When expressing and purifying large quantities of soluble protein, expression difficulties often include poor yield and the formation of insoluble aggregates. Gene fusion technologies can overcome these obstacles and simplify purification and improve solubility. This article discusses the most popular fusion tags and the enzymes used to remove them, with special reference to recently introduced technologies.
Affinity tags are the most commonly used tag for aiding in protein purification. They can be defined as exogenous amino acid (aa) sequences that bind with high affinity to a chemical ligand or an antibody. Most affinity tags are short peptide sequences that either bind to a ligand linked to a solid support (like the His tag) or contain an epitope recognized by immobilized antibodies (like the FLAG or Myc tags). The high affinity of these tags for their ligands and the availability of well developed immobilized supports for capturing the fusion proteins allow the protein of interest to be purified to a very high degree. Because of their small size, these affinity tags can be added at either end of the protein or in a region that is exposed to the surface. However, these tags generally do not increase the expression of the fusion proteins or enhance their solubility, and therefore are of little use in purifying hard-to-express proteins.
His-tags are the most widely used affinity tags. The purification of his-tagged proteins is based on the use of a chelated metal ion as an affinity ligand; one commonly used ion is the immobilized nickel-nitrilotriacetic acid chelate [Ni–NTA], which is bound by the imidazole side chain of histidine. Similarly, Streptag II, which consists of a streptavidin-recognizing octapeptide (WSHPQFEK), can be purified by affinity using a matrix with a modified streptavidin and eluted with a biotin analog. Other commonly used affinity tags like FLAG, Myc, and HA can be purified by binding to respective antibodies immobilized on chromatographic supports.
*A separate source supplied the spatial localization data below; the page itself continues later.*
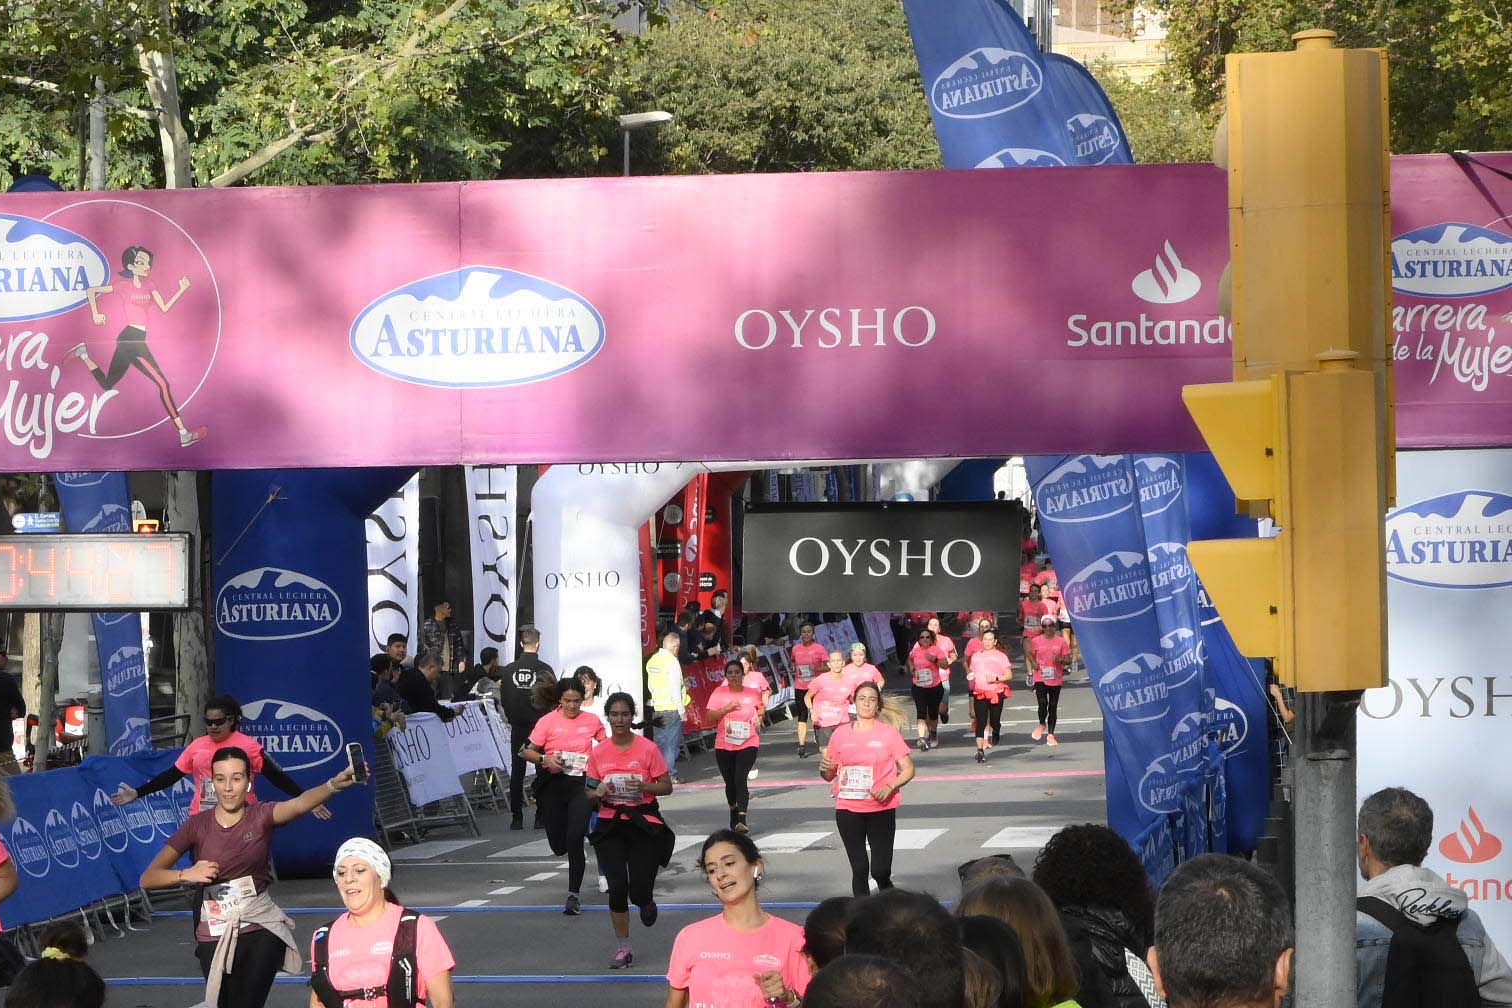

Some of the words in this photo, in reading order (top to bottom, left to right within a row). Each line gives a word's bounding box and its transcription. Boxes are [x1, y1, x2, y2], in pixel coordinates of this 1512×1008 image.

[11, 250, 86, 261] LECHERA
[1392, 303, 1488, 332] arrera
[368, 313, 586, 358] ASTURIANA
[733, 305, 938, 351] OYSHO
[1415, 332, 1433, 361] la
[1429, 326, 1512, 392] Muje
[1412, 525, 1481, 536] CENTRAL
[1487, 524, 1512, 535] LEC
[787, 536, 984, 579] OYSHO
[544, 570, 621, 590] OYSHO
[232, 592, 274, 601] CENTRAL
[279, 591, 328, 600] LECHERA
[219, 596, 333, 624] ASTURIANA
[518, 673, 532, 683] BP
[239, 724, 275, 733] ENTRAL
[255, 734, 334, 754] URIANA
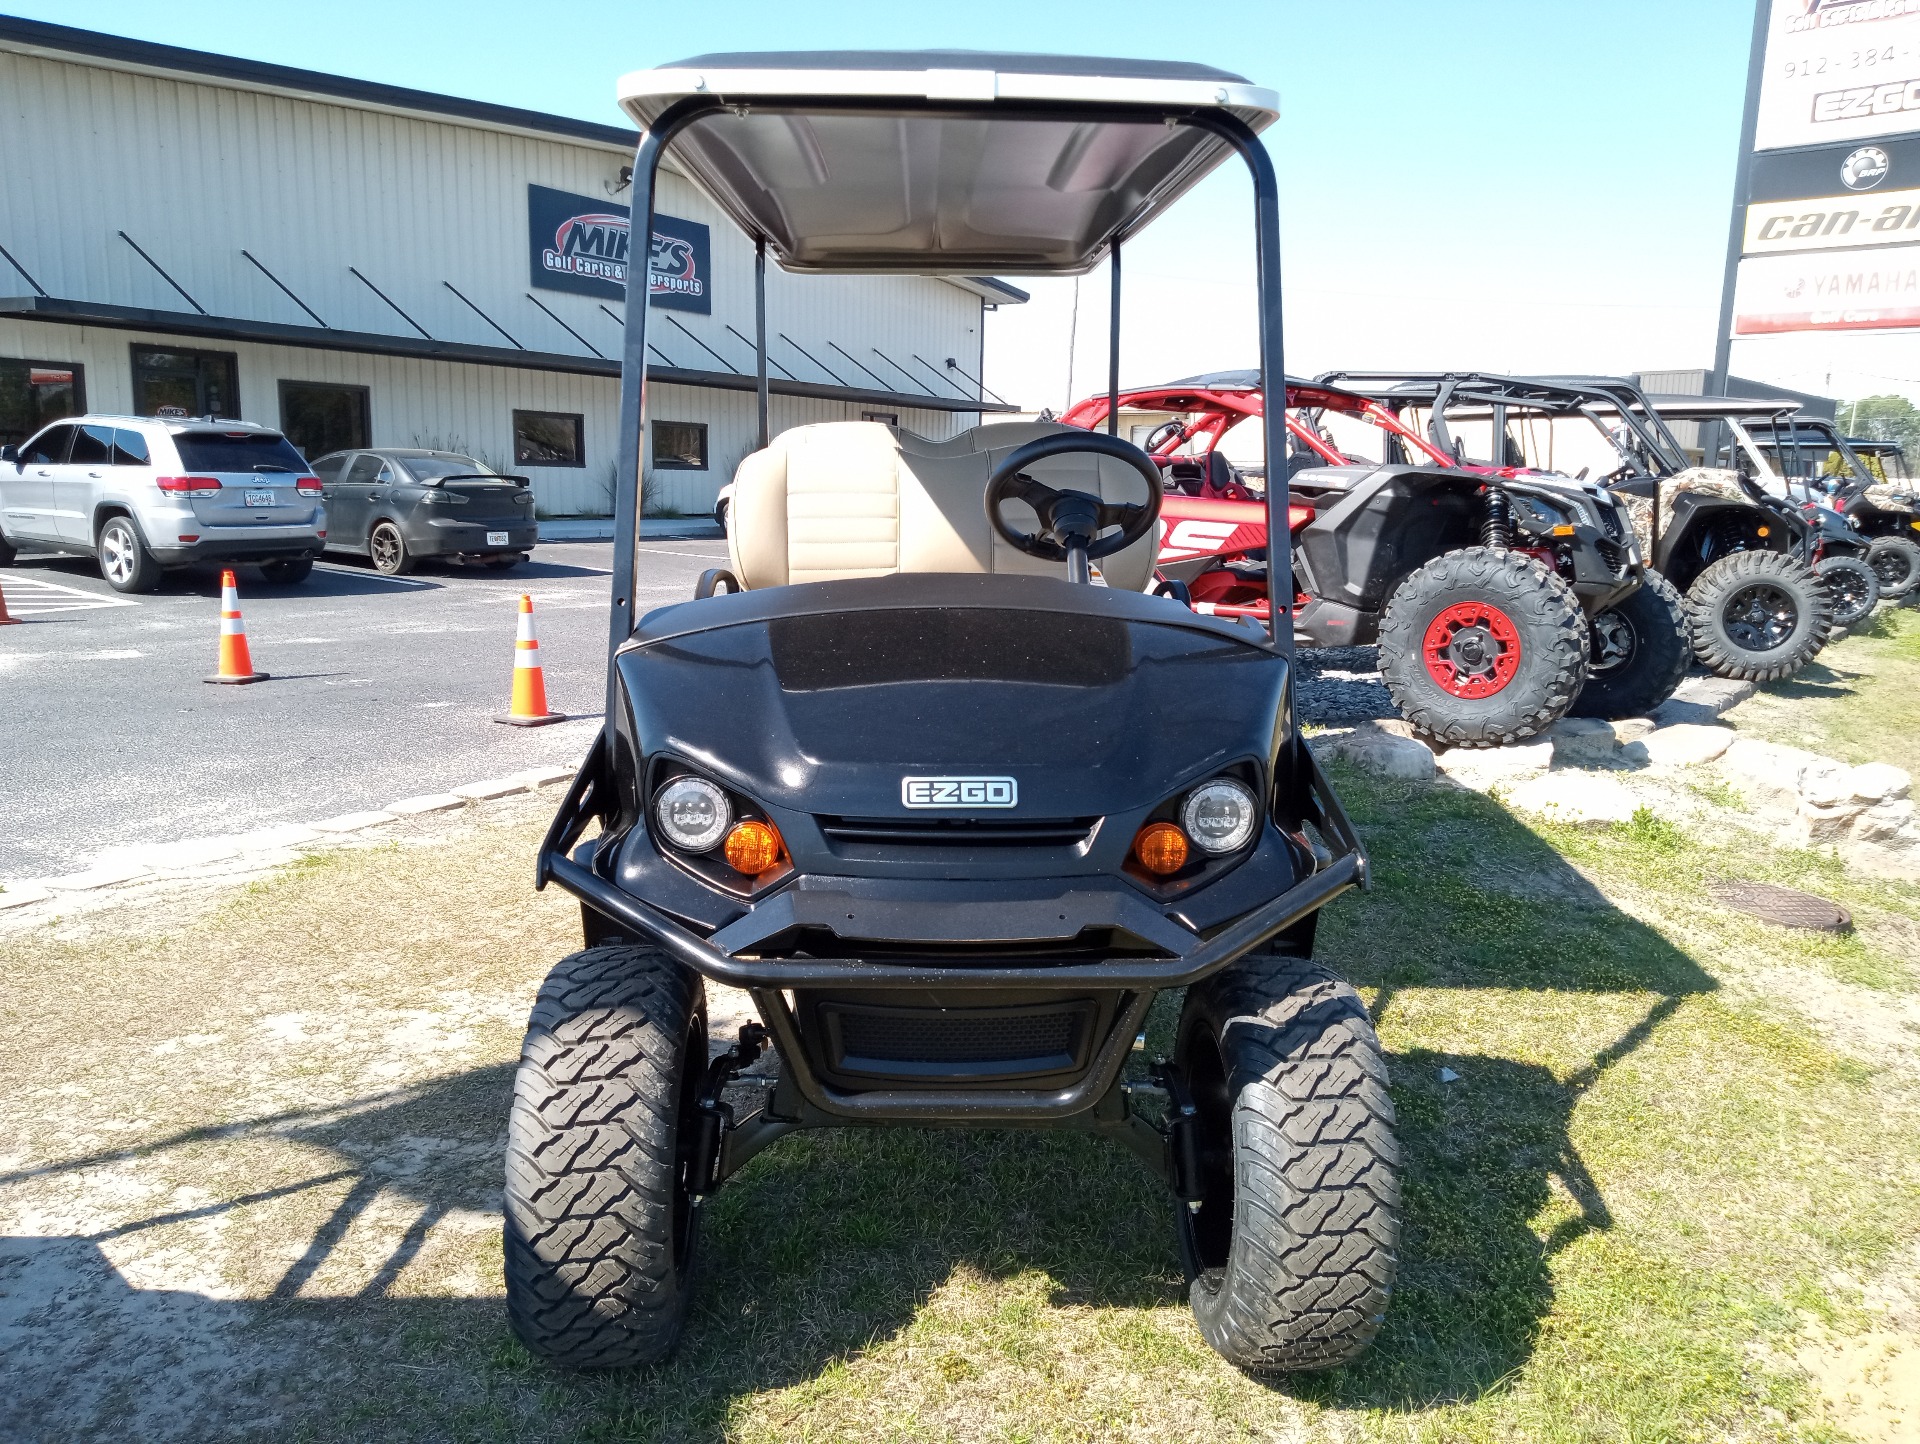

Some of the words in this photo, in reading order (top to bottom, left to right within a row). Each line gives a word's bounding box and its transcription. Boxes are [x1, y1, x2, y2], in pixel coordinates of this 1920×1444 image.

[1784, 45, 1920, 79] 912-384-
[1859, 167, 1886, 178] BRP
[546, 252, 572, 269] Golf
[576, 257, 612, 277] Carts
[614, 267, 623, 280] &
[1814, 269, 1918, 297] YAMAHA
[159, 407, 186, 417] MIKE'S
[909, 782, 1011, 802] EZGO
Because it is desirable to remove most tags at the end of the purification process, considerable advances have been made in design of affinity tags so that they can be cleaved without leaving any residues behind and also to simplify the entire process of purification and cleavage. One such system is the "Profinity eXact" fusion-tag system (Bio-Rad, Hercules, CA), which uses an immobilized subtilisin protease to carry out affinity binding and tag cleavage. The protease is not only involved with the binding and recognition of the tag, but upon application of the elution buffer, it also serves to precisely cleave the tag from the fusion protein directly after the cleavage recognition sequence. This delivers a native, tag-free protein in a single step. Another system for simple purification of proteins is based on elastin-like polypeptides (ELP) and intein. ELP consist of several repeats of a peptide motif that undergo a reversible transition from soluble to insoluble upon temperature upshift. The fusion protein is purified by temperature-induced aggregation and separation by centrifugation, and intein is used for tag removal.3 No affinity columns are needed for initial purification.